Insomma, δίκη rischia di limitarsi a svolgere, in questo gioco di specchi heideggeriano, il ruolo del mero apparire della verità, quindi di un'apparire che verrebbe sempre messo sotto scacco dalla sua stessa manifestazione, costitutivamente contrassegnato dalla Seinsvergessenheit («dimenticanza dell'Essere») propria dell'Offenbarung dell'ente storico-mondano, che – per mezzo della filosofia, in particolare del mito della caverna platonico, poi dell'οὐσία aristotelica e della veritas/rectitudo romane garantite autoritativamente dal ius come Oberbefehl («comando superiore») scientificamente articolato del dominio dell'imperium e, infine, con l'ingresso nella Modernità quale epoca del Weltbild, ossia dell'immagine cartesiana del mondo quale certitudo, garantita dalla tecnica quale Gestell (im-pianto), un'immagine del mondo culminante nel compimento della metafisica, cioè del nichilismo inteso come radicale oblio della stessa dimenticanza dell'Essere, realizzantesi nella Wille zur Macht di Nietzsche – così procedendo nella storia dell'Essere, non sarebbe altro che la totalità della storia della smentita inevitabile della verità, che tale rimarrebbe fino “a data da destinarsi” in senso ontologico, ossia fino a nuova destinazione (Geschick-Geschichte) di una nuova epoca dell'Essere, inviata dall'Essere all'Esserci, una volta giunto e tramontata l'enigmatica ed escatologica età di quello che Heidegger cripticamente, nei Beiträge, definì «l'ultimo Dio» (der lezte Gott) inteso, ad un tempo, quale «Anfang», inizio, della nuova epoca dell'Essere.

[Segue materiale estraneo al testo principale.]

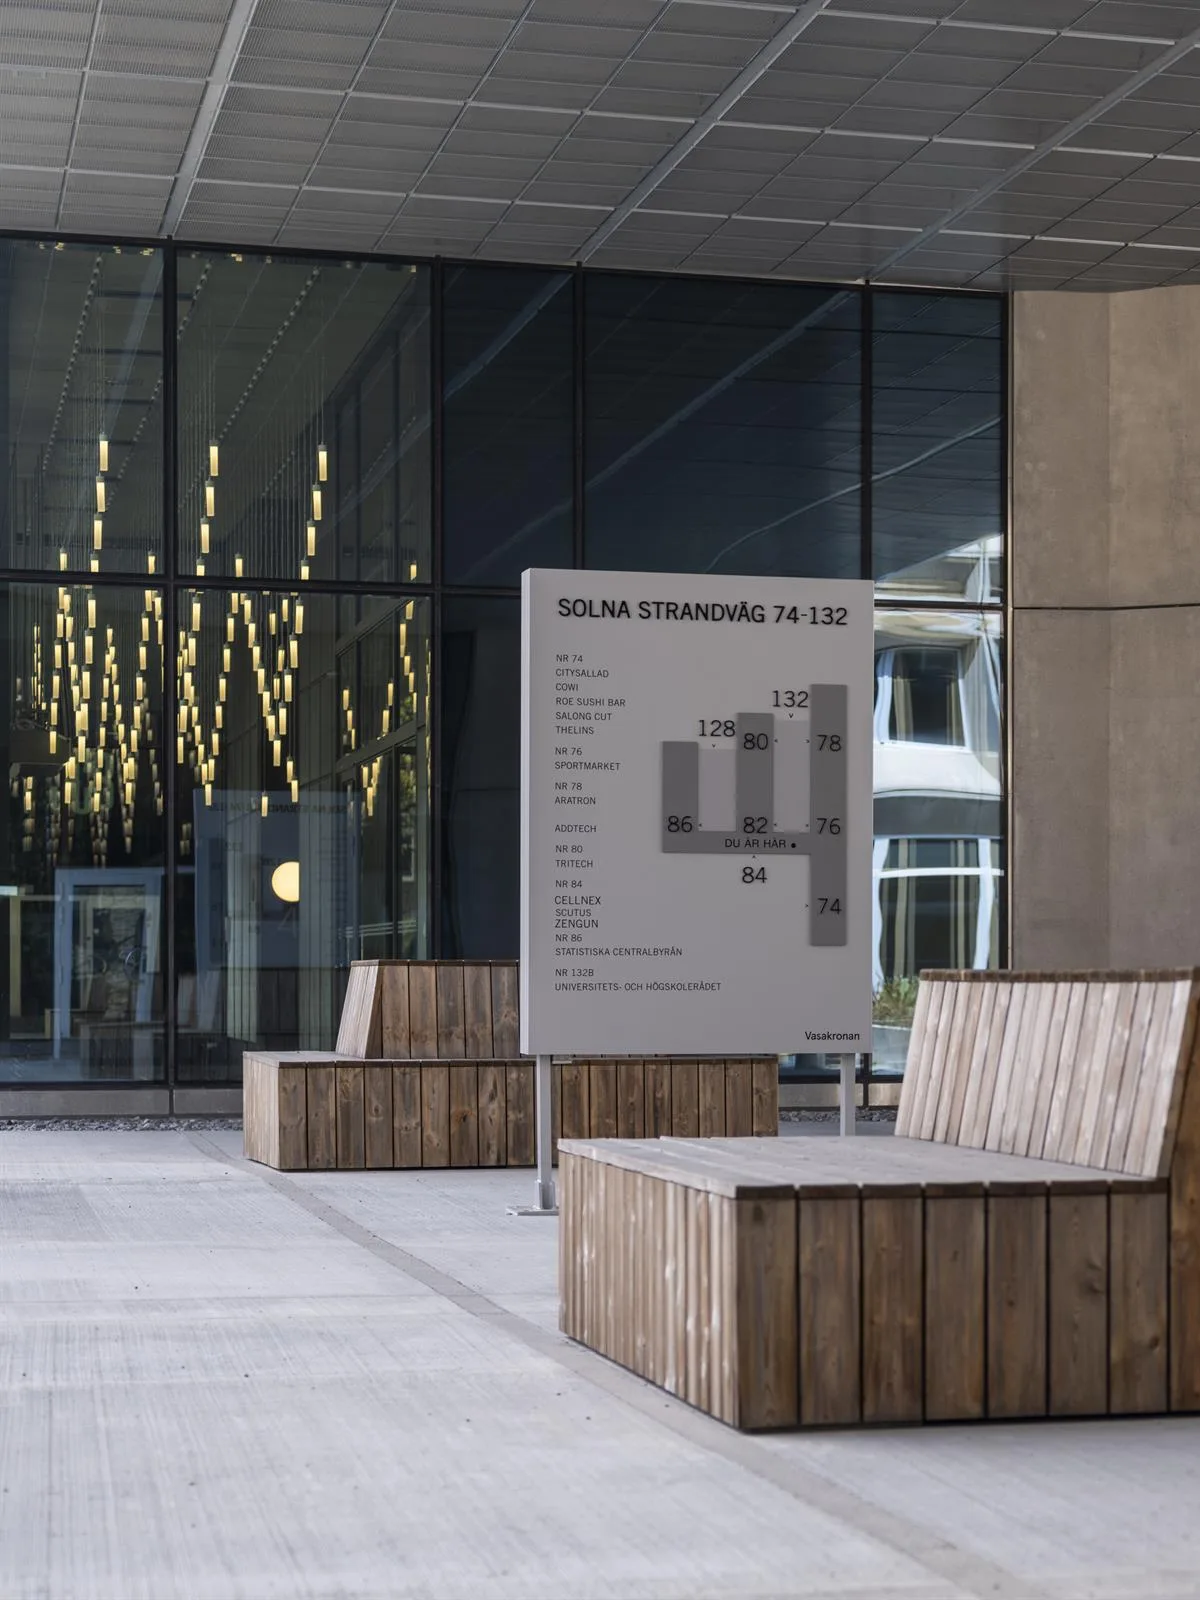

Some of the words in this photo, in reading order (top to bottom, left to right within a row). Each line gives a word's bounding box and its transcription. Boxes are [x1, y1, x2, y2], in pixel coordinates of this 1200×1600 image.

[558, 598, 631, 619] SOLNA
[638, 600, 766, 624] STRANDVÄG
[772, 605, 848, 626] 74-132
[555, 654, 569, 663] NR
[571, 654, 583, 664] 74
[555, 668, 610, 679] CITYSALLAD
[555, 682, 579, 692] COWI
[555, 696, 574, 706] ROE
[576, 697, 605, 707] SUSHI
[607, 698, 626, 707] BAR
[772, 689, 810, 709] 132
[555, 711, 592, 721] SALONG
[593, 712, 613, 721] CUT
[555, 725, 595, 736] THELINS
[698, 719, 737, 739] 128
[743, 732, 769, 751] 80
[816, 734, 843, 753] 78
[554, 746, 568, 756] NR
[570, 746, 583, 756] 76
[554, 760, 621, 771] SPORTMARKET
[554, 781, 568, 791] NR
[571, 782, 583, 791] 78
[554, 795, 596, 805] ARATRON
[554, 824, 597, 833] ADDTECH
[667, 815, 693, 833] 86
[742, 816, 768, 835] 82
[816, 817, 841, 836] 76
[555, 844, 569, 854] NR
[570, 844, 584, 854] 80
[724, 838, 741, 849] DU
[555, 859, 594, 869] TRITECH
[741, 866, 768, 884] 84
[555, 879, 569, 888] NR
[570, 879, 583, 889] 84
[554, 895, 601, 906] CELLNEX
[817, 897, 843, 915] 74
[554, 908, 592, 918] SCUTUS
[554, 918, 599, 929] ZENGUN
[555, 933, 569, 942] NR
[570, 933, 583, 943] 86
[555, 947, 611, 957] STATISTISKA
[612, 945, 683, 957] CENTRALBYRÅN
[555, 968, 569, 977] NR
[571, 968, 594, 977] 132B
[554, 982, 622, 992] UNIVERSITETS-
[623, 982, 643, 991] OCH
[645, 980, 722, 992] HÖGSKOLERÅDET
[804, 1031, 860, 1041] Vasakronan

Tuttavia, quantomeno negli anni '30 e '40, Heidegger è ancora ben lungi dal cedere agli spenti toni nostalgico-reazionari da “critica della civiltà” di cui farà sfoggio nella famosa intervista allo Spiegel del 1966, dove rimanderà a un altro Dio (o, forse, lo stesso dei Beiträge?), con il celebre monito-invocazione:«Ormai solo un Dio può salvarci!».
3. «Diritto» come volontà di potenza
Ma, all'altezza degli anni 1933-1946, non era di certo questa la linea adottata da Heidegger e ciò si riflette in maniera tutt'altro che oscura in tutti gli scritti del periodo in questione. Qui faremo breve cenno solo a certi punti di alcuni testi significativi che gettano lumi sul problema kafkiano della “tana di Heidegger”.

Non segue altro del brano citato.